Angiotensin-Converting Enzyme Inhibitors and Cognitive Decline in Older Adults With Hypertension: Results From the Cardiovascular Health Study

Author Affiliations

Author Affiliations: Sticht Center on Aging, Wake Forest University, Winston-Salem, North Carolina (Drs Sink, Leng, Williamson, Kritchevsky, Atkinson, Robbins, and Goff); Departments of Neurology and Psychiatry, University of California, San Francisco (Dr Yaffe); Department of Epidemiology, University of Pittsburgh, Pittsburgh, Pennsylvania (Dr Kuller); Division of Geriatric Medicine, The Johns Hopkins University, Baltimore, Maryland (Dr Yasar); and Departments of Medicine, Epidemiology, and Health Services, University of Washington, Seattle (Dr Psaty).Group Information: A list of the principal investigators and institutions of the Cardiovascular Health Study can be found at

Arch Intern Med. 2009;169(13):1195-1202. doi:10.1001/archinternmed.2009.175

Background  Hypertension (HTN) is a risk factor for dementia, and animal studies suggest that centrally active angiotensin-converting enzyme (ACE) inhibitors (those that cross the blood-brain barrier) may protect against dementia beyond HTN control.

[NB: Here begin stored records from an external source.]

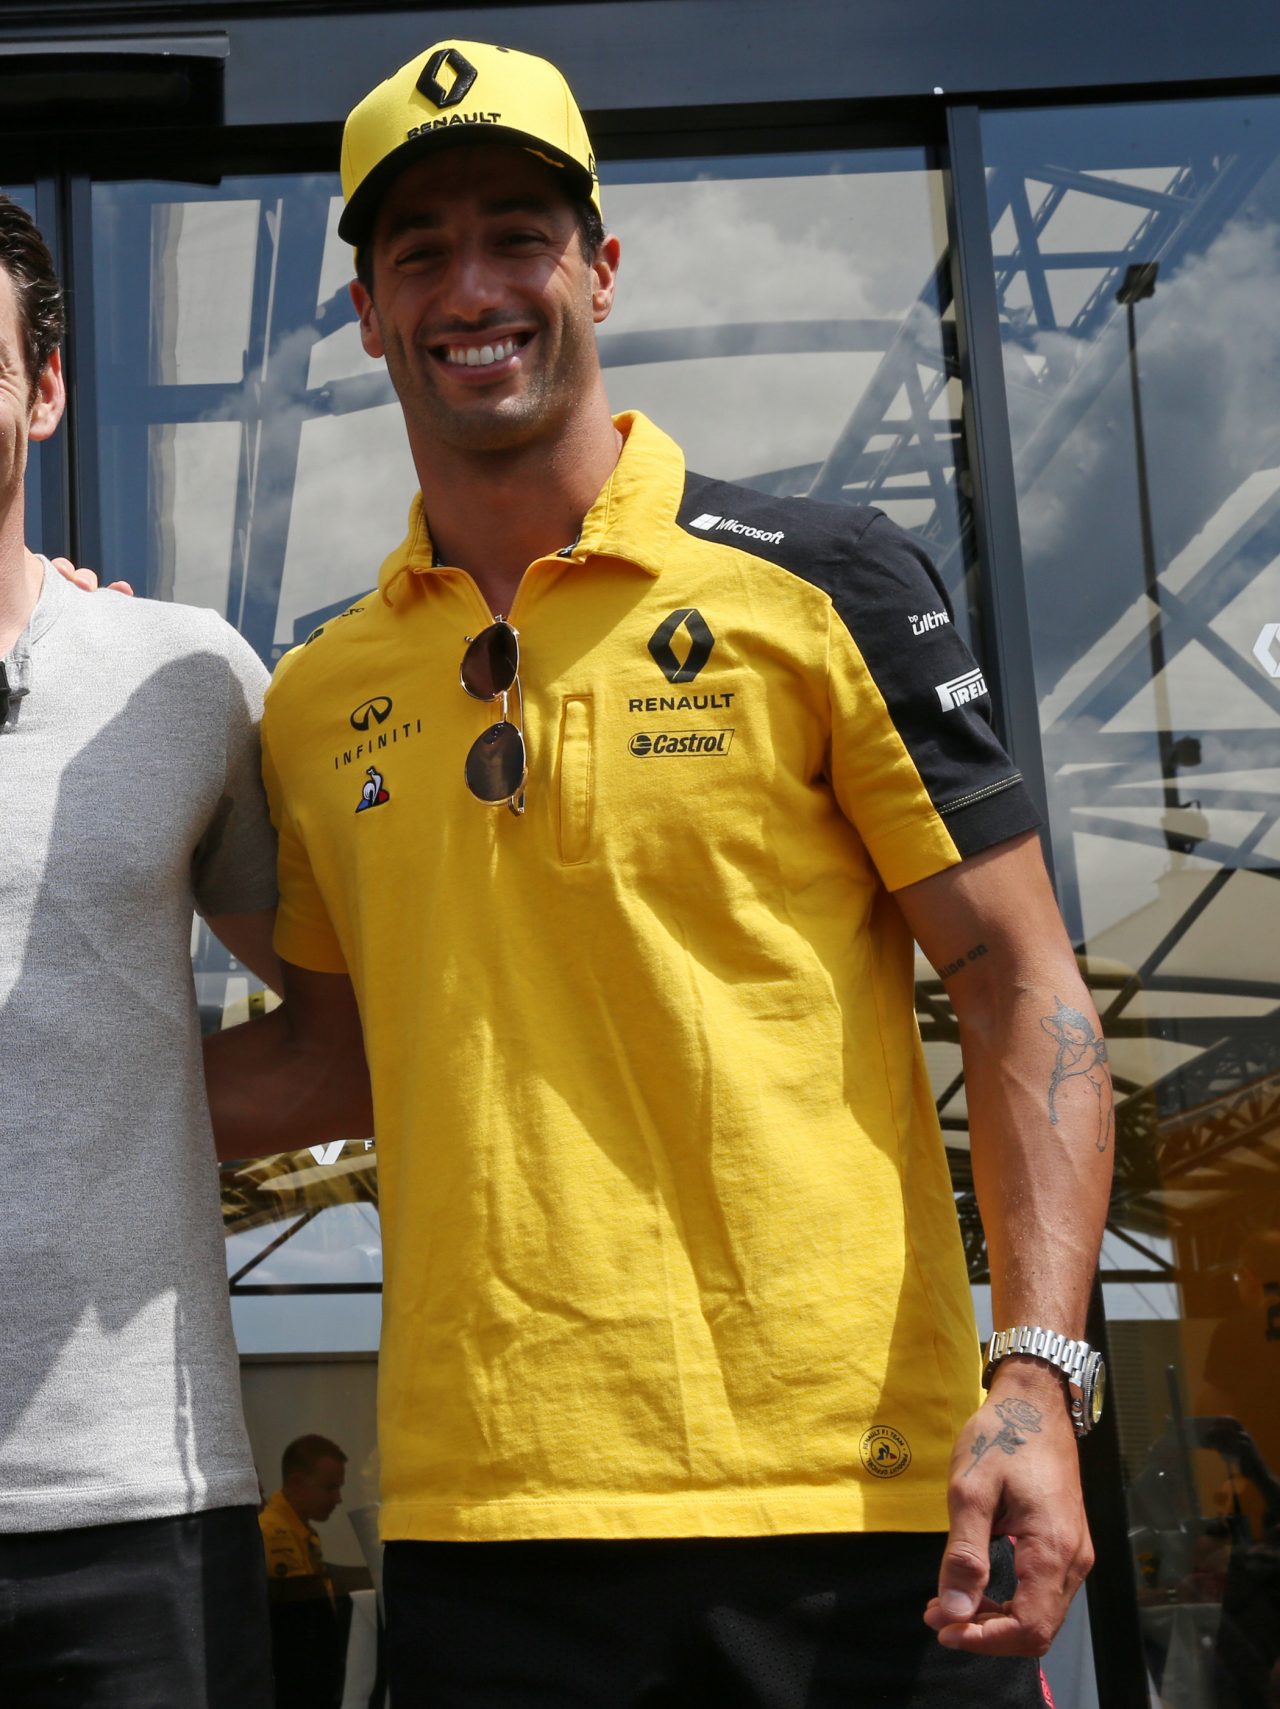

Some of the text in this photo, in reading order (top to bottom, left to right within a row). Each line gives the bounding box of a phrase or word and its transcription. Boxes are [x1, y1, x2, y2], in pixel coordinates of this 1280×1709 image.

[407, 111, 502, 141] RENAULT
[715, 518, 785, 545] Microsoft
[629, 693, 735, 713] RENAULT
[335, 719, 422, 770] INFINITI
[653, 733, 725, 754] Castrol

Methods  Participants in the Cardiovascular Health Study Cognition Substudy with treated HTN and no diagnosis of congestive heart failure (n = 1054; mean age, 75 years) were followed up for a median of 6 years to determine whether cumulative exposure to ACE inhibitors (as a class and by central activity), compared with other anti-HTN agents, was associated with a lower risk of incident dementia, cognitive decline (by Modified Mini-Mental State Examination [3MSE]), or incident disability in instrumental activities of daily living (IADLs).

Results  Among 414 participants who were exposed to ACE inhibitors and 640 who were not, there were 158 cases of incident dementia. Compared with other anti-HTN drugs, there was no association between exposure to all ACE inhibitors and risk of dementia (hazard ratio [HR], 1.01; 95% confidence interval [CI], 0.88-1.15), difference in 3MSE scores (−0.32 points per year; P = .15), or odds of disability in IADLs (odds ratio [OR], 1.06; 95% CI, 0.99-1.14). Adjusted results were similar. However, centrally active ACE inhibitors were associated with 65% less decline in 3MSE scores per year of exposure (P = .01), and noncentrally active ACE inhibitors were associated with a greater risk of incident dementia (adjusted HR, 1.20; 95% CI, 1.00-1.43 per year of exposure) and greater odds of disability in IADLs (adjusted OR, 1.16; 95% CI, 1.03-1.30 per year of exposure) compared with other anti-HTN drugs.

Conclusions  While ACE inhibitors as a class do not appear to be independently associated with dementia risk or cognitive decline in older hypertensive adults, there may be within-class differences in regard to these outcomes. These results should be confirmed with a randomized clinical trial of a centrally active ACE inhibitor in the prevention of cognitive decline and dementia.